• **Exercise goal**:
A faithful copy of all the data is the goal; omit the pictures.

• **Data to use**:
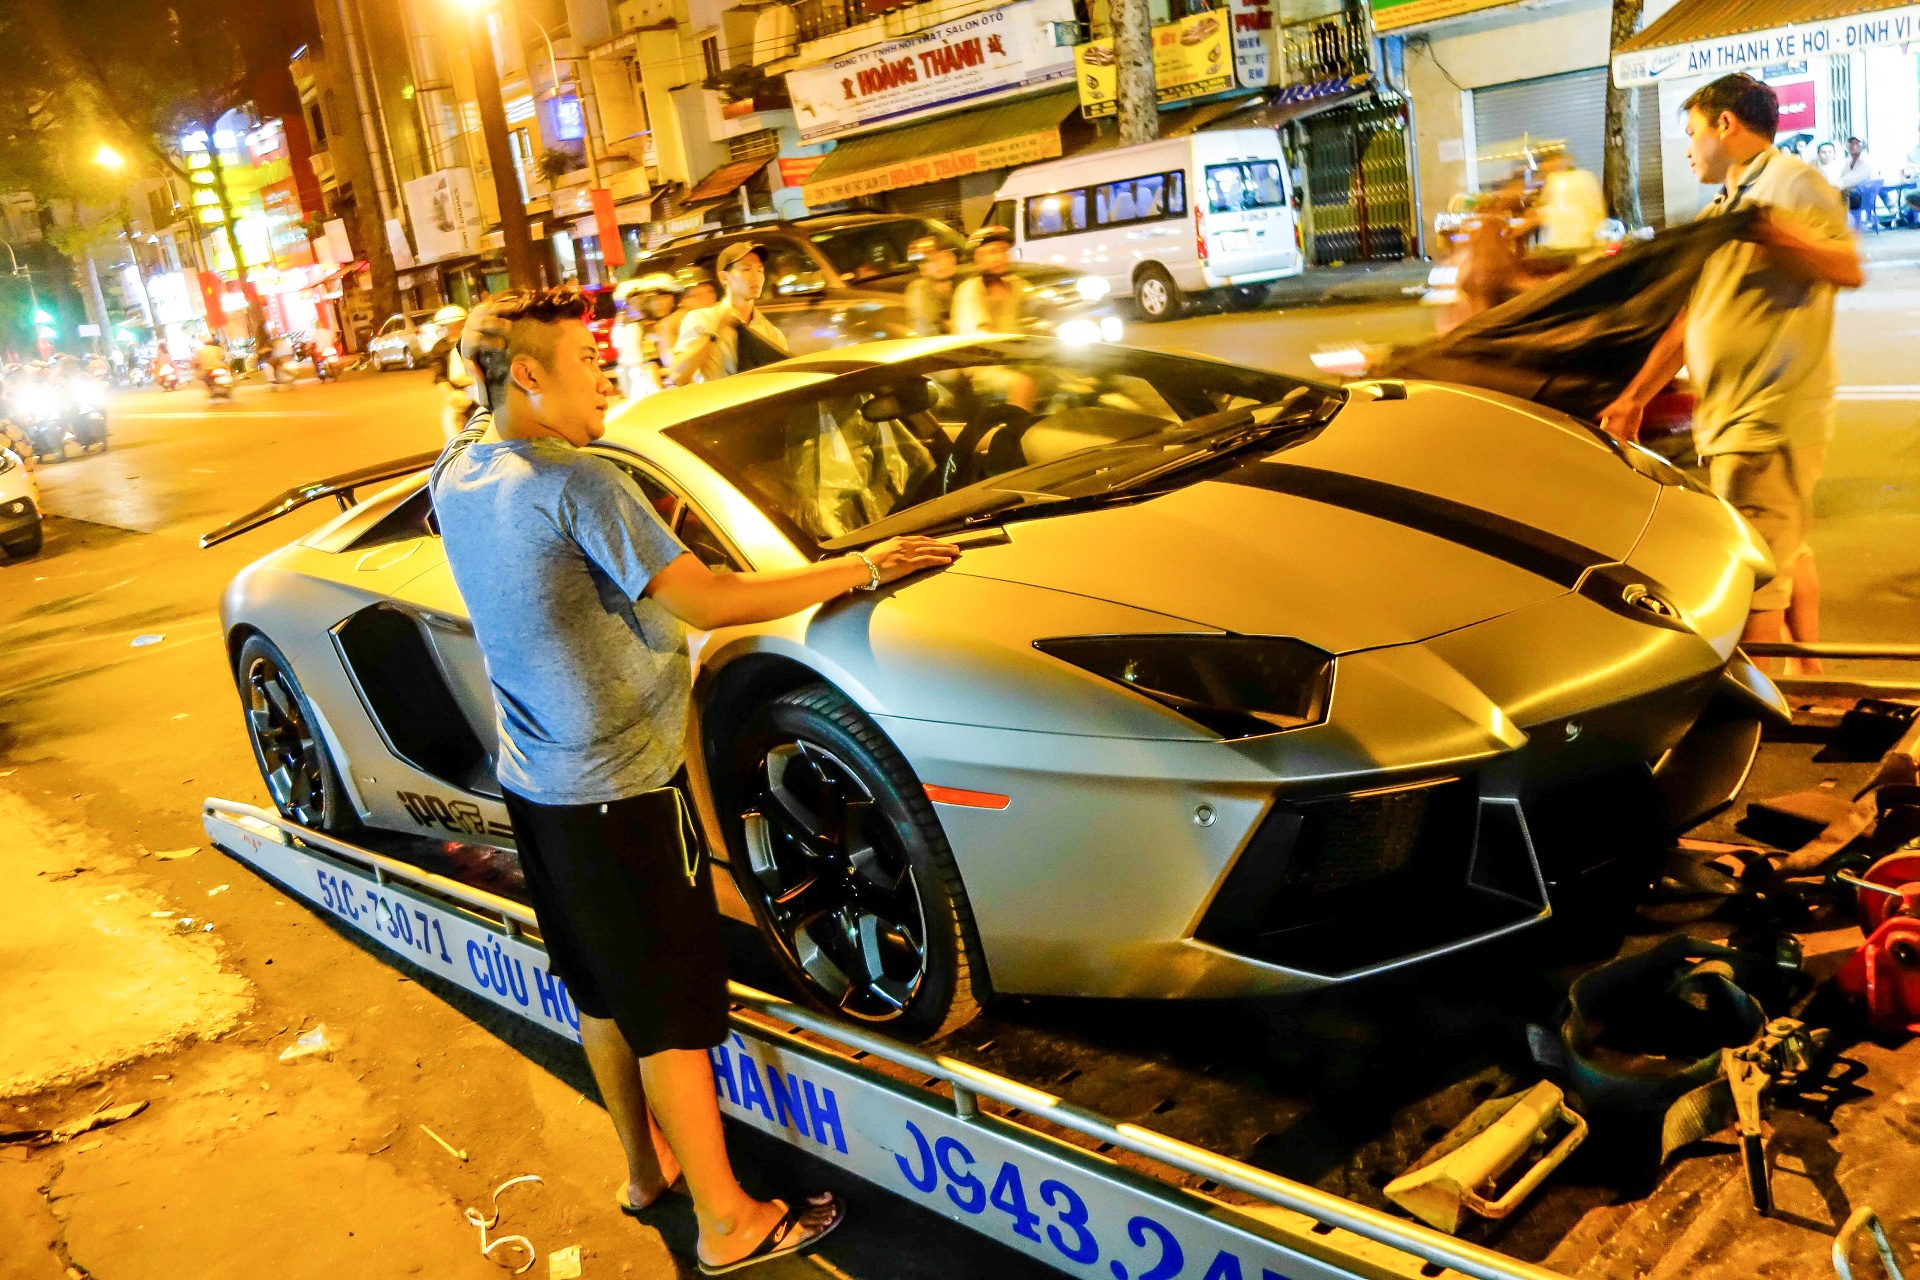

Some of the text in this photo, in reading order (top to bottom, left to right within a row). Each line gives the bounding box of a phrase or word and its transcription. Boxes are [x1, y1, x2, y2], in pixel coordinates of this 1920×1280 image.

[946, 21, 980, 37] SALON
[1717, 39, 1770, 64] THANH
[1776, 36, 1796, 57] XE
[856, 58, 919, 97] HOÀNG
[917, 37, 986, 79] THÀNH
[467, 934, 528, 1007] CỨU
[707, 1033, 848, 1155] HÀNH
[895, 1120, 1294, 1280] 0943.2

• **Task solution**:
Some of the text in this photo, in reading order (top to bottom, left to right within a row). Each line gives the bounding box of a phrase or word and its transcription. Boxes are [x1, y1, x2, y2], in pixel coordinates of this 1920×1280 image.

[946, 21, 980, 37] SALON
[1717, 39, 1770, 64] THANH
[1776, 36, 1796, 57] XE
[856, 58, 919, 97] HOÀNG
[917, 37, 986, 79] THÀNH
[467, 934, 528, 1007] CỨU
[707, 1033, 848, 1155] HÀNH
[895, 1120, 1294, 1280] 0943.2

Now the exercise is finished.